BEGIN GIVEN RECORDS
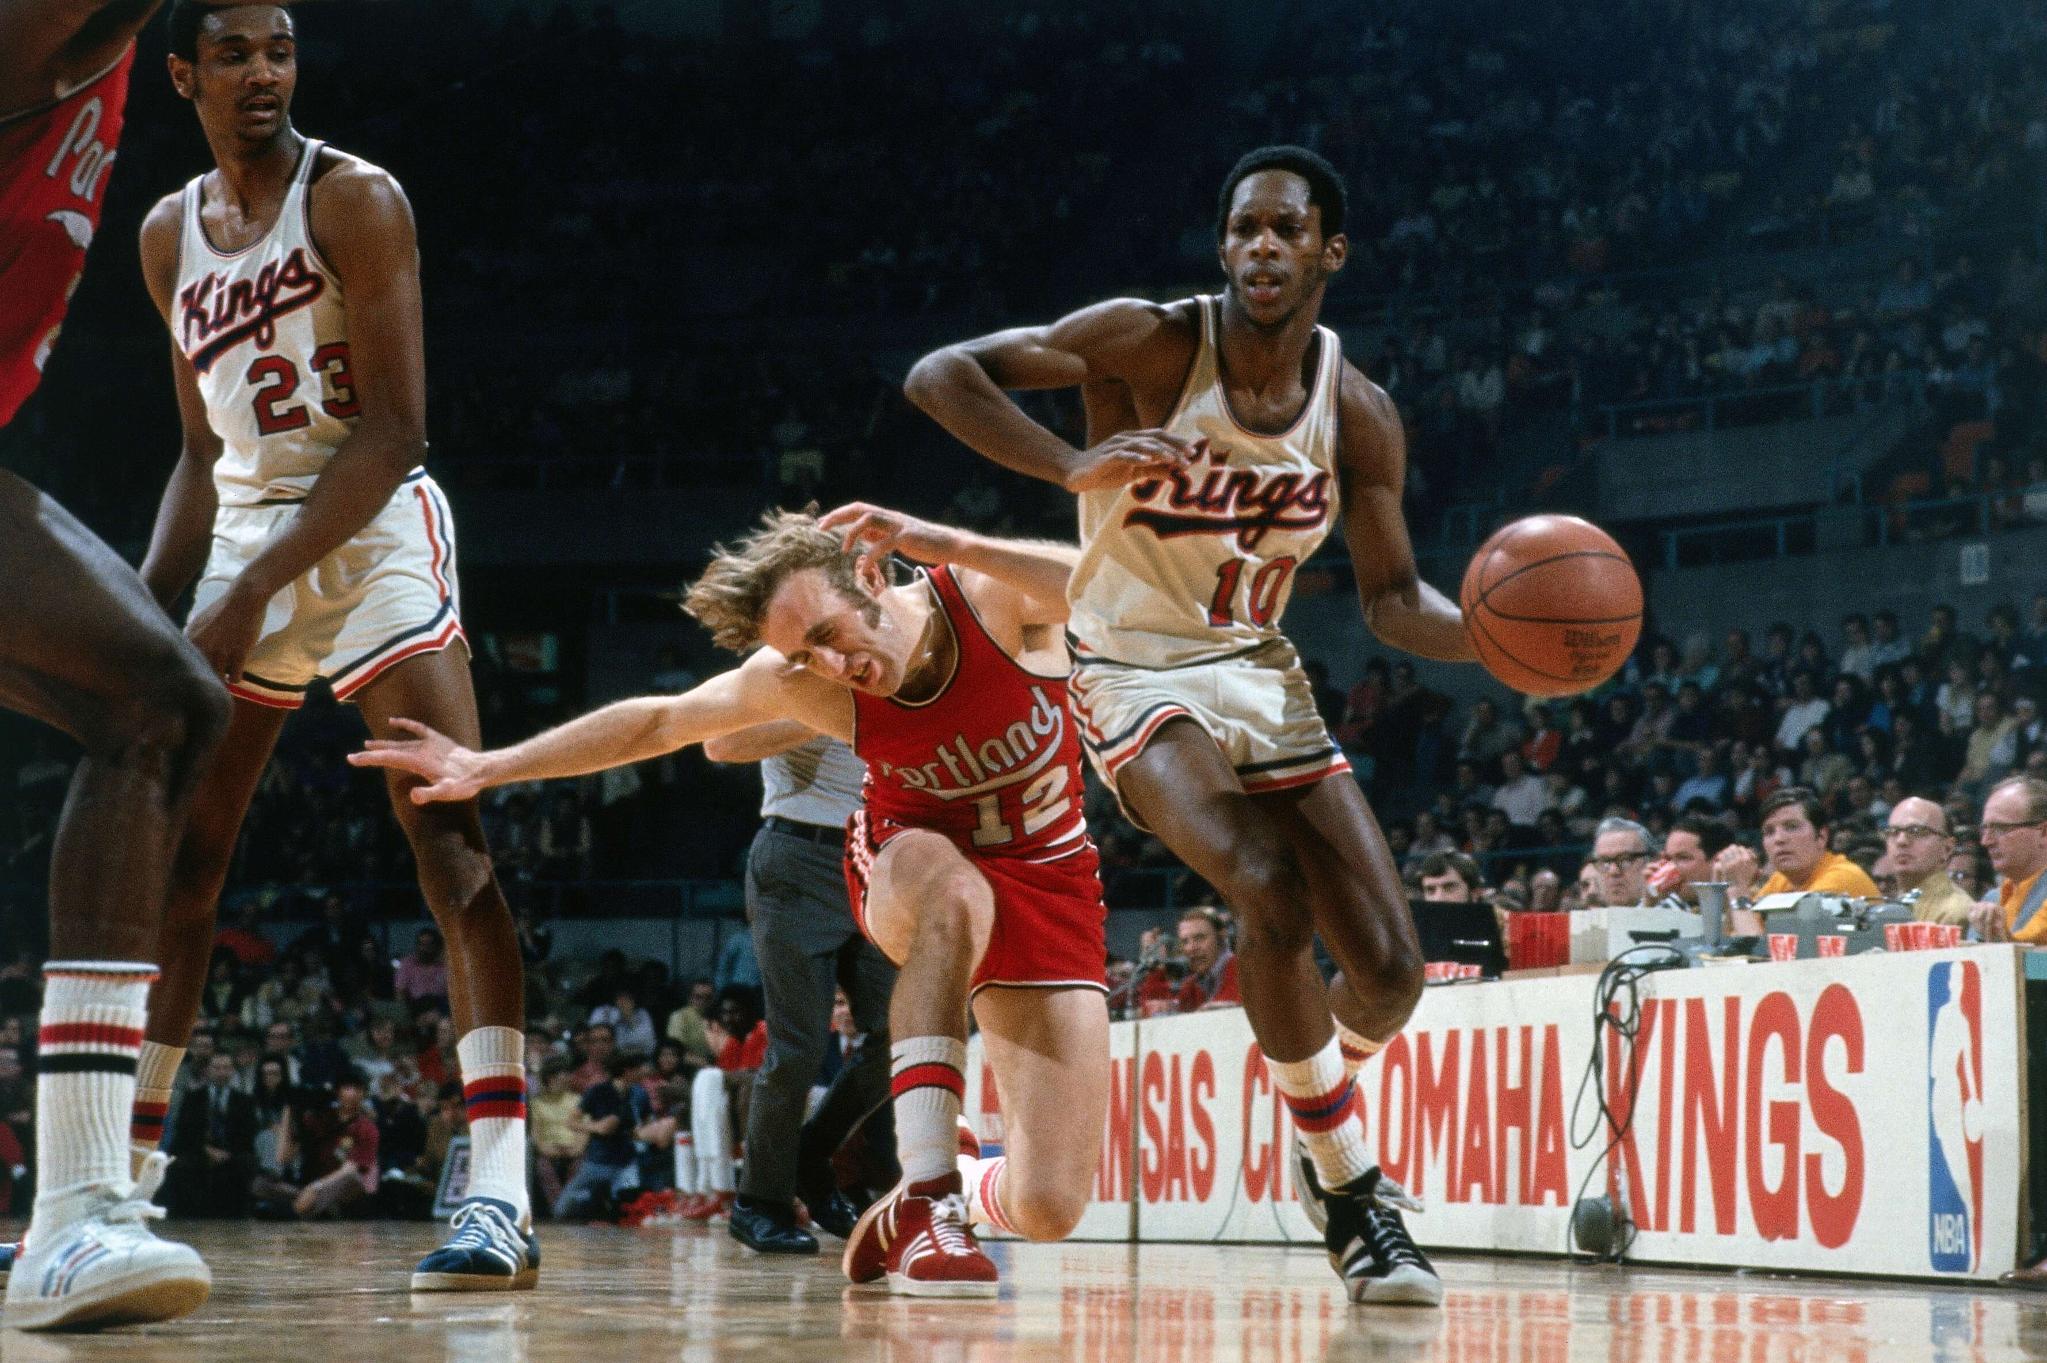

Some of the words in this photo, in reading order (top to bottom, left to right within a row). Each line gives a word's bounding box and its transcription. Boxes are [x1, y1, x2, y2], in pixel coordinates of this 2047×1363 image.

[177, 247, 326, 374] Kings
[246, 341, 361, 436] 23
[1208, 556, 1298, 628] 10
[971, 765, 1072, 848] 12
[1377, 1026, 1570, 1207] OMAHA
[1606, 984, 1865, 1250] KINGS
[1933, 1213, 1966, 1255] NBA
END GIVEN RECORDS
Exclude images. Return the data above verbatim.

Some of the words in this photo, in reading order (top to bottom, left to right within a row). Each line gives a word's bounding box and its transcription. Boxes are [x1, y1, x2, y2], in pixel coordinates of this 2047×1363 image.

[177, 247, 326, 374] Kings
[246, 341, 361, 436] 23
[1208, 556, 1298, 628] 10
[971, 765, 1072, 848] 12
[1377, 1026, 1570, 1207] OMAHA
[1606, 984, 1865, 1250] KINGS
[1933, 1213, 1966, 1255] NBA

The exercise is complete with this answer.